Fee plan on hold, partly because of beetle-kill work

Luke Graham

— A proposed user fee for Buffalo Pass area will not go into effect this winter.

Kent Foster, the recreation program manager for the Hahn’s Peak/Bears Ears Ranger District, originally had hoped a day fee or season pass would be implemented by this winter.

But Foster said that, right now, implementing the fees isn’t at the top of his list, for several reasons.



For one, any new fees have to go through the Colorado Re­­source Advisory Councils. That council has vacancies on it that must be filled before any new fees could be instituted.

Maybe more important, though, Foster said he was busy taking care of beetle-killed lodge­­pole pines.



“The biggest thing right now is we are burning slash piles on the ski area from the logging operation,” he said. “We are moving hazardous trees. We need to be concentrating on that for the next year or two. We’re not going to be charging fees, with all the other things going on. It’s not of the highest of concern.”

Foster originally said in December 2009 that he would like to see user fees for Buff Pass.

A day pass would have cost $5, and a season pass would be $30 or $40.

At the time, several local groups opposed the measure. Routt Powder Riders sent a letter to the United States Forest Service in June, opposing the new fees.

“As far as RPR is con­­cerned,” the letter read, “the USFS’s track record as it relates to their continuing efforts to manage and administer winter recreation in the Routt National Forest is marked with a pattern of decisions and actions that favor non-motorized user groups, and which seem to employ the unpopular ‘pay to play’ philosophy which stands in the face of whole concept of ‘public lands.’”

Routt Powder Riders Vice President George Kostiuk said Tuesday he was glad the Forest Service didn’t plan to charge.

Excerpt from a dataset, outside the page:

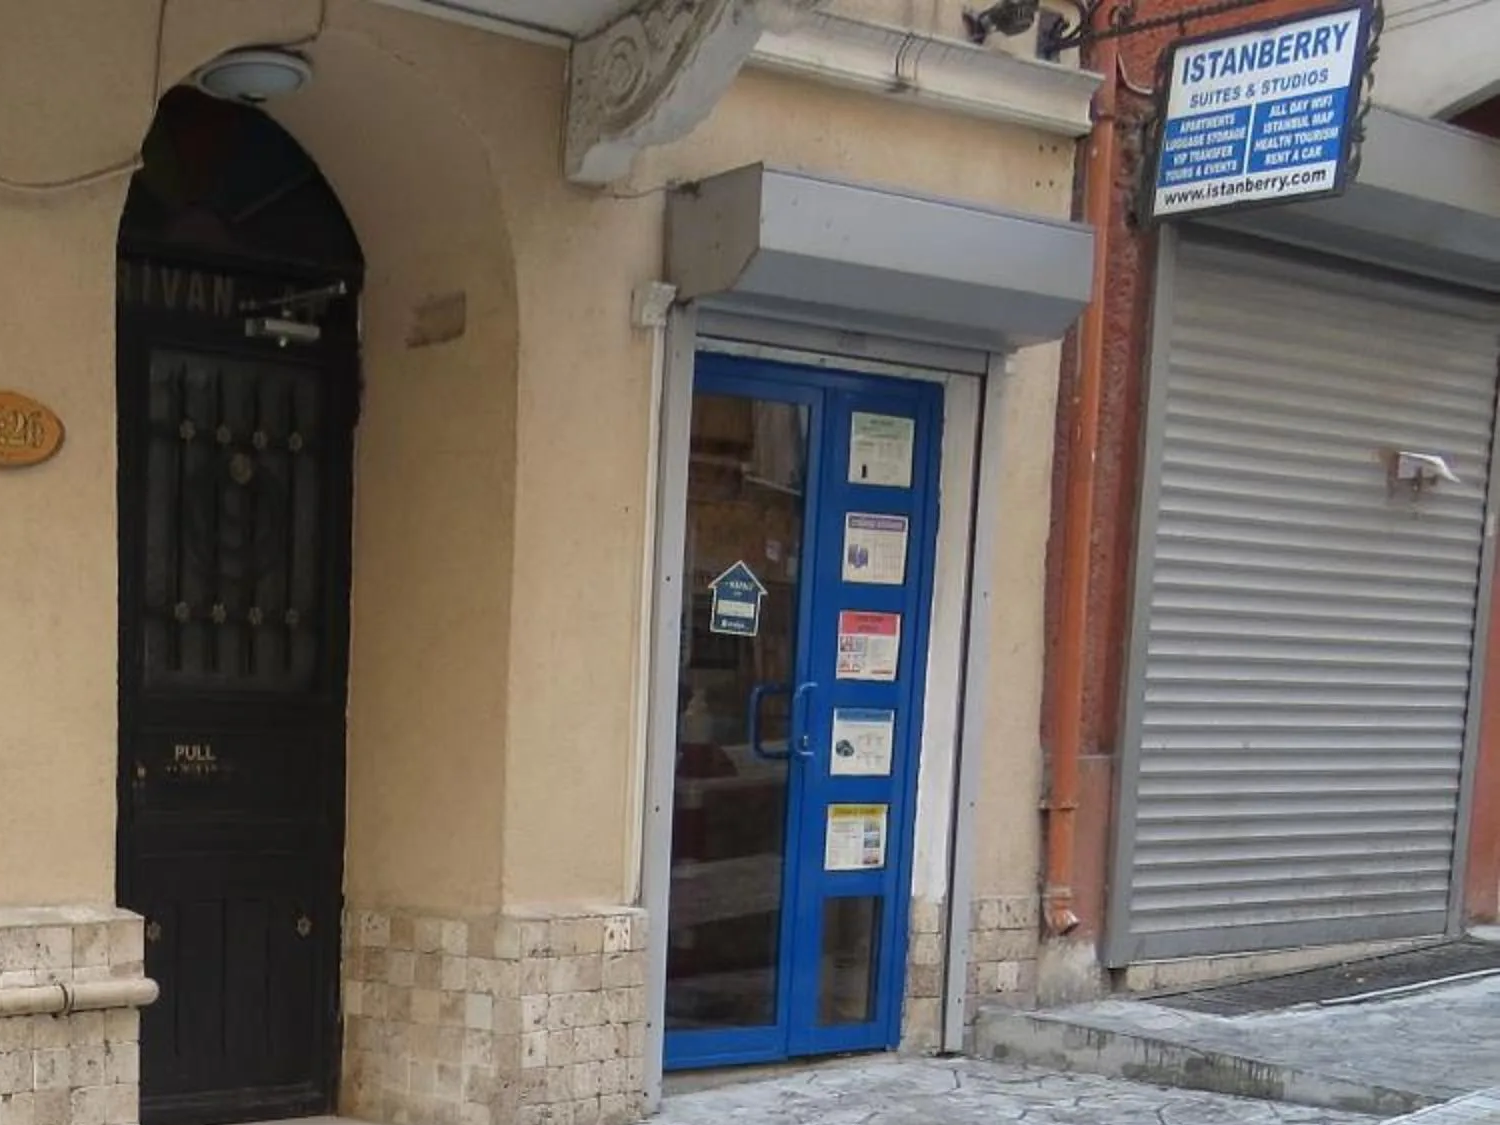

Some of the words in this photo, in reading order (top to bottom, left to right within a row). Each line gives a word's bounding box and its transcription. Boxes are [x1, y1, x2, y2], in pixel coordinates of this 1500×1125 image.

“I’m glad to hear they are not,” he said. “Like I said, you have a fee, but what would you get for it? They are not going to address the parking, and that’s one of the biggest issues on Rabbit Ears and Buff Pass.”

A free backcountry permit still is required, and the permits are available at the Forest Service’s Steamboat office and at the Buff Pass trailhead.

Foster said he didn’t have a timetable for when the Forest Service might reopen discussions for a permit fee.

“We’ll have to sit down and talk to all the user groups and manage things,” he said. “Right now, we’re not moving forward on the fees for Buff Pass mostly because of the bark beetle and the timing. I couldn’t tell you when we’ll get back to it.”